[Data for analysis Boundary: Start]
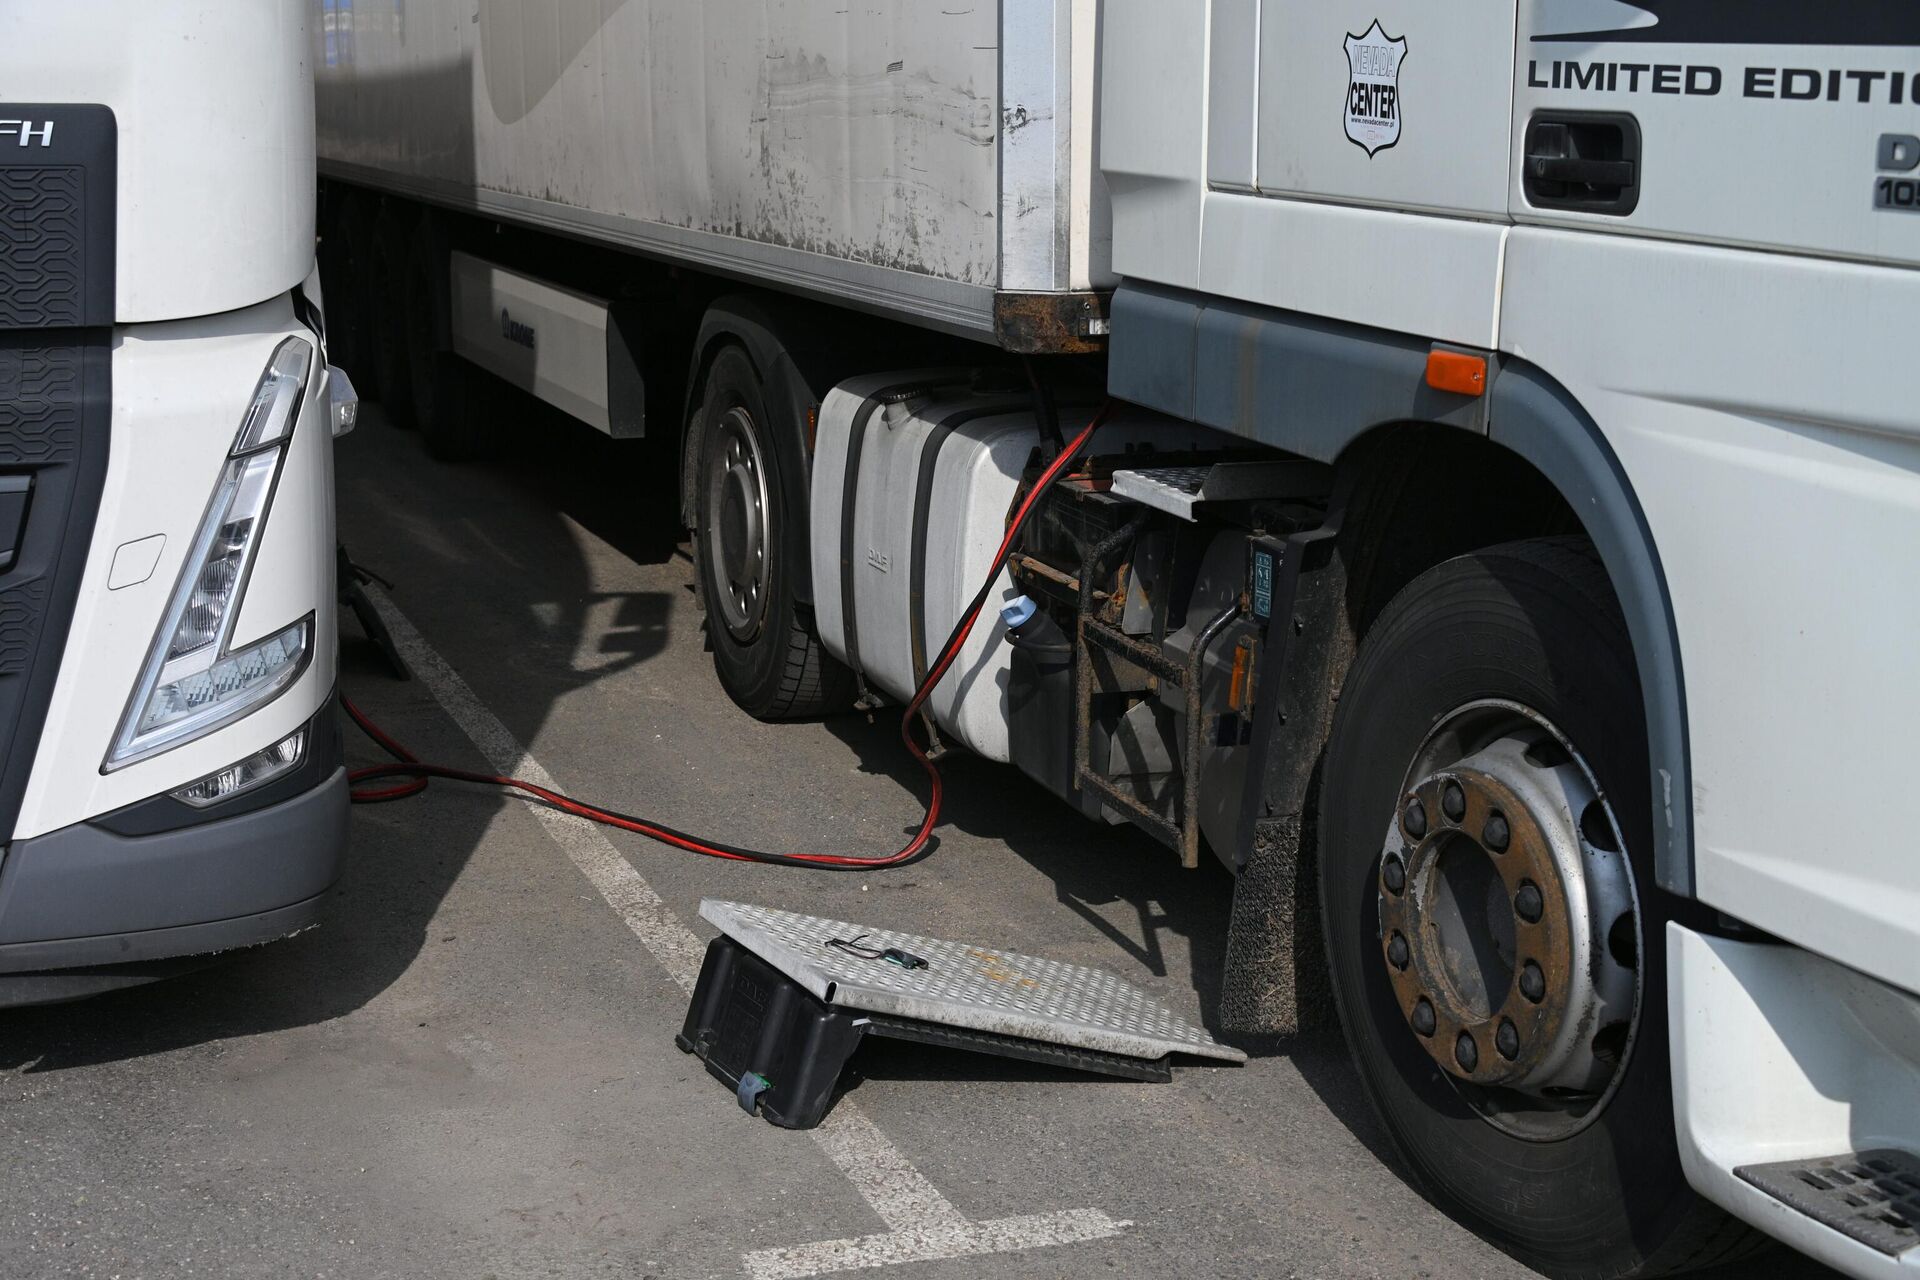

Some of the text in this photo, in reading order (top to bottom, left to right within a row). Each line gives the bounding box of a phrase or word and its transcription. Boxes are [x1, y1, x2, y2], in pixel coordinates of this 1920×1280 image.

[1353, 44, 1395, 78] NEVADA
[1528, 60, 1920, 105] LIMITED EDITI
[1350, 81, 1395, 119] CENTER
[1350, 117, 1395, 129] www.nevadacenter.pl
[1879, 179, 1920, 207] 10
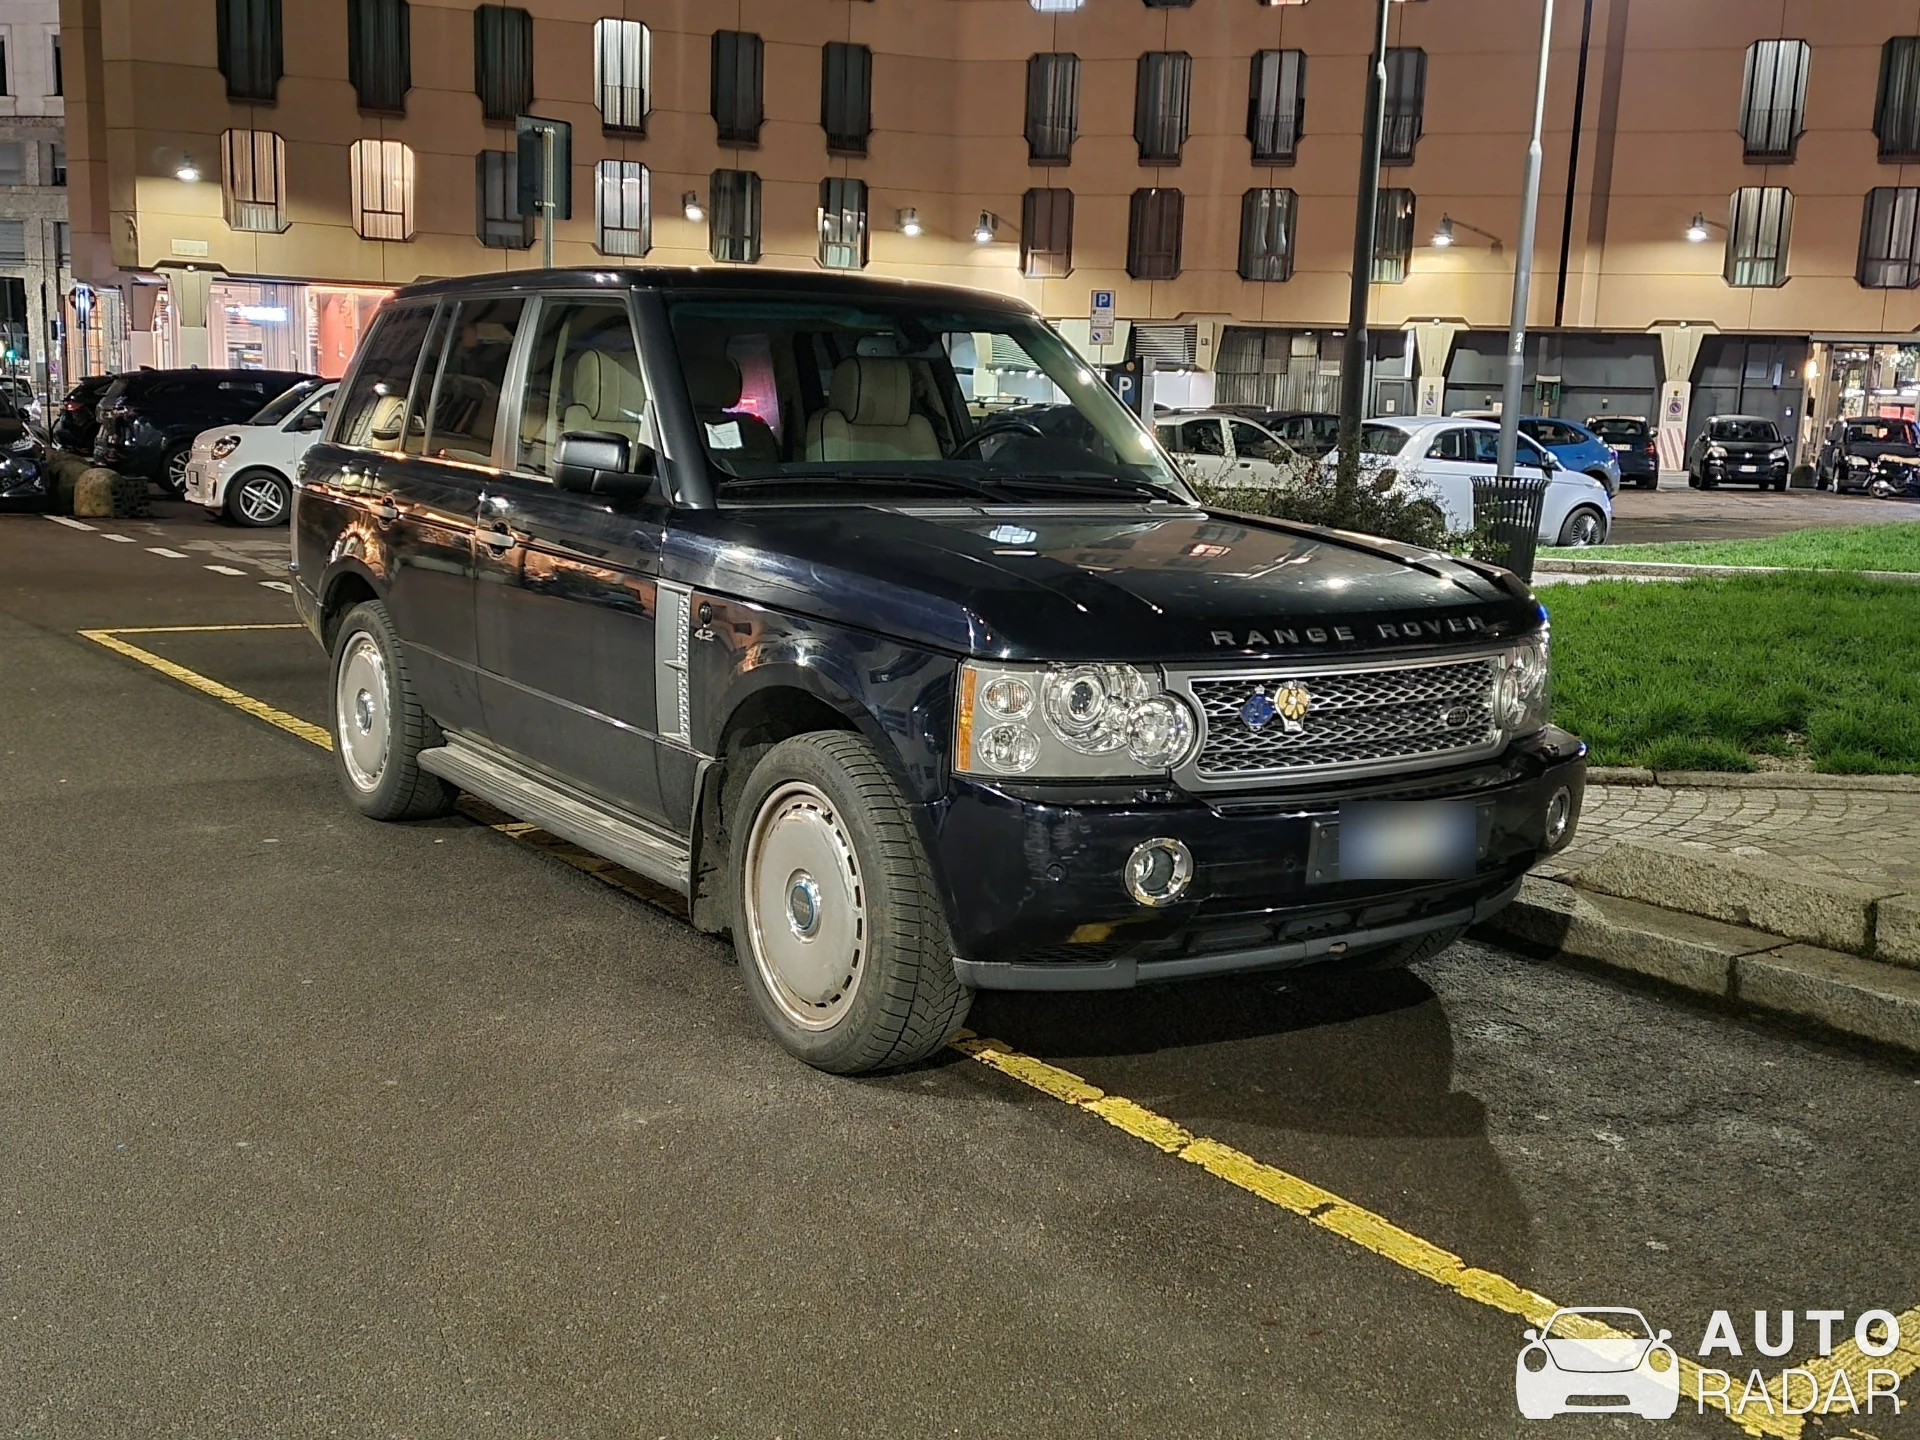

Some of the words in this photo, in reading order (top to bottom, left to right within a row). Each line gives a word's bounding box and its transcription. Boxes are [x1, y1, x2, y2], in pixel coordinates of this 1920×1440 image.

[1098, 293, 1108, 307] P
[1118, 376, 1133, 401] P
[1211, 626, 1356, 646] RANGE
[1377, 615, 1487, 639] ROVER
[Data for analysis Boundary: End]
* **Task to complete**: In your answer, repeat all the entries exactly, but leave out the pictures.

* **Task output**:
Some of the text in this photo, in reading order (top to bottom, left to right within a row). Each line gives the bounding box of a phrase or word and its transcription. Boxes are [x1, y1, x2, y2], in pixel coordinates of this 1920×1280 image.

[1353, 44, 1395, 78] NEVADA
[1528, 60, 1920, 105] LIMITED EDITI
[1350, 81, 1395, 119] CENTER
[1350, 117, 1395, 129] www.nevadacenter.pl
[1879, 179, 1920, 207] 10

Some of the words in this photo, in reading order (top to bottom, left to right within a row). Each line gives a word's bounding box and its transcription. Boxes are [x1, y1, x2, y2], in pixel coordinates of this 1920×1440 image.

[1098, 293, 1108, 307] P
[1118, 376, 1133, 401] P
[1211, 626, 1356, 646] RANGE
[1377, 615, 1487, 639] ROVER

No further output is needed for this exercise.